The Court also reiterated, as it had in remanding this
case back to the Court of Appeals after hearing it the first time, that the Bilski, “machine or transformation”
test was not an absolute but merely one marker of patentability. The Court then re-stated that is has repeatedly emphasized a
concern that patent law not inhibit future discovery by improperly tying up the use of laws of nature and the like, and there
is a danger that granting patents that tie up their use will inhibit future innovation, a danger that becomes acute when
a patented process is no more than a general instruction to “apply the natural law,” or otherwise forecloses
more future invention than the underlying discovery could reasonably justify.
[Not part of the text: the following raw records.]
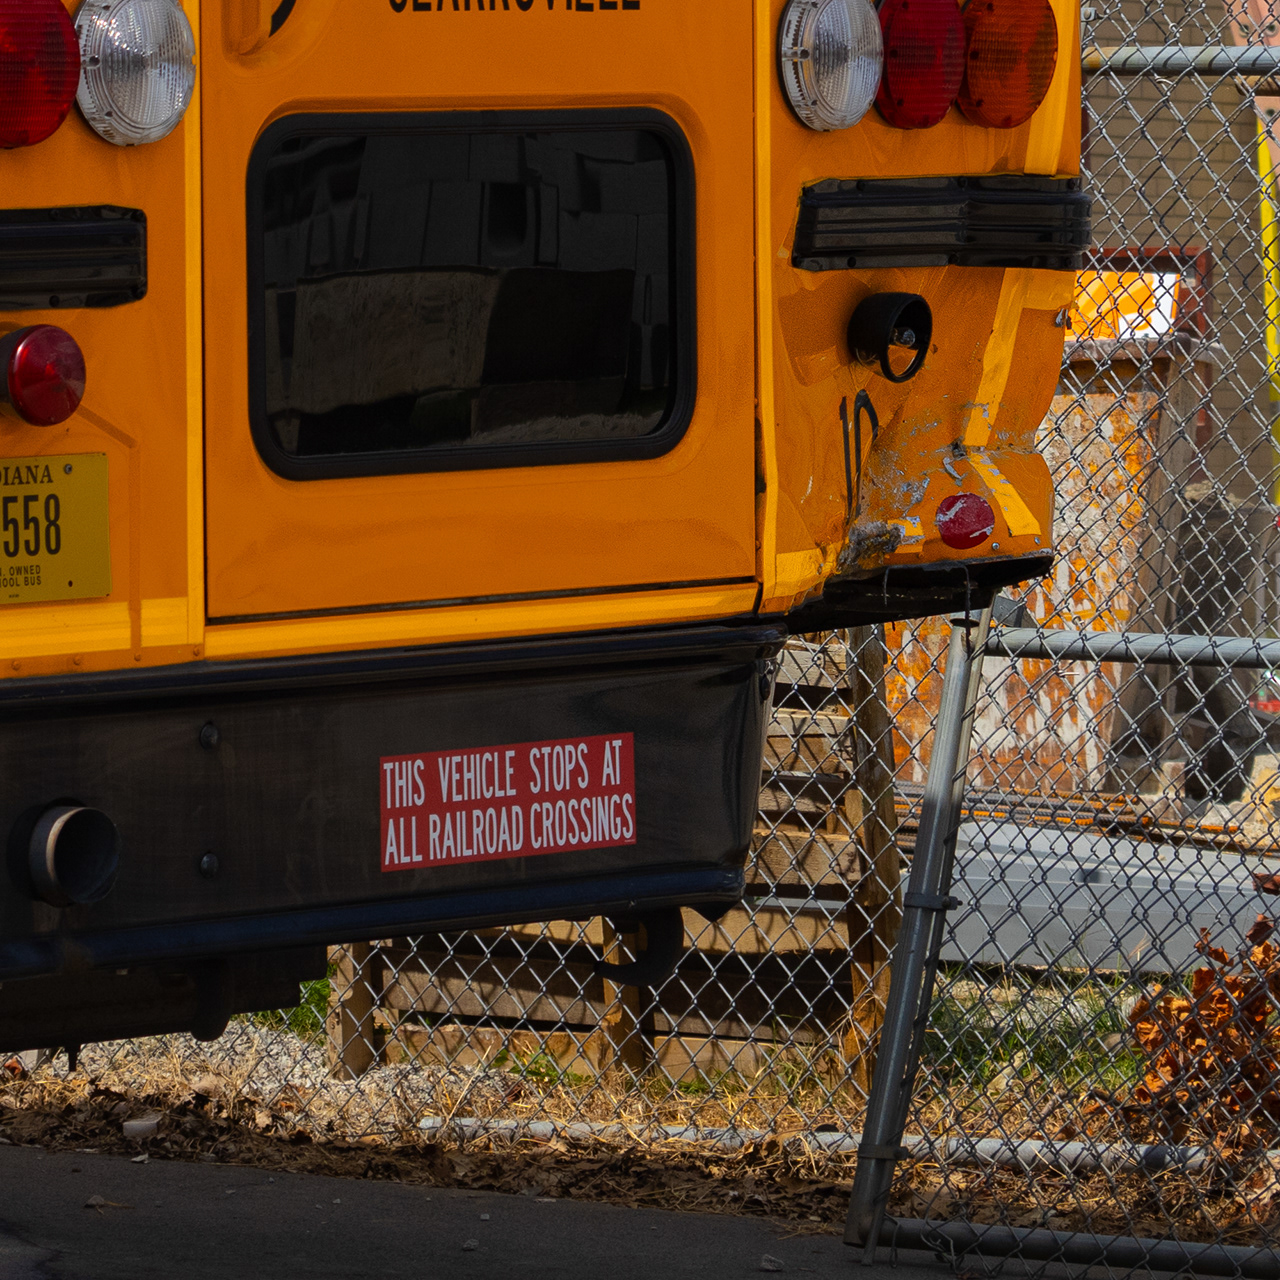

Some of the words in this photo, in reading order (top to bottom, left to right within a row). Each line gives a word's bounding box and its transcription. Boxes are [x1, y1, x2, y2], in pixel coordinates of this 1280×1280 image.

[8, 565, 41, 577] OWNED
[23, 575, 42, 587] BUS
[383, 758, 426, 809] THIS
[437, 750, 517, 803] VEHICLE
[529, 742, 589, 794] STOPS
[601, 739, 623, 787] AT
[384, 816, 423, 866] ALL
[428, 805, 524, 860] RAILROAD
[530, 792, 634, 849] CROSSINGS
Perhaps the most instructive sections of the opinion
were when the Court: (1) appeared to say, indirectly, that Prometheous claimed to broadly: [“o]ne problem with
[process] patents is that the more abstractly their claims are stated, the more difficult it is to determine precisely what
they cover.” (quoting C. Bohannan & H. Hovenkamp, Creation without Restraint: Promoting Liberty and Rivalry in Innovation
112 (2012) and (2) admitted “Courts and judges are not institutionally well suited to making the kinds of judgments
needed to distinguish among differ-ent laws of nature. And so the cases have endorsed a bright-line prohibition against patenting
laws of nature, mathematical formulas and the like, which serves as a somewhat more easily administered proxy for the underlying
“building-block” concern” (in other words, we can’t figure it out so this is what we came up with
for the time being).
While the outcome of the case is sensible, the approach by the Court was not as strong as it could have been.
So, the long and short of it appear to be that: (1) when dealing with any invention that includes natural phenomenon
(but don’t all inventions at some level) do not claim them too broadly and (2) be sure, when including natural phenomenon
in a claim, to subordinate the natural phenomenon to a defined process.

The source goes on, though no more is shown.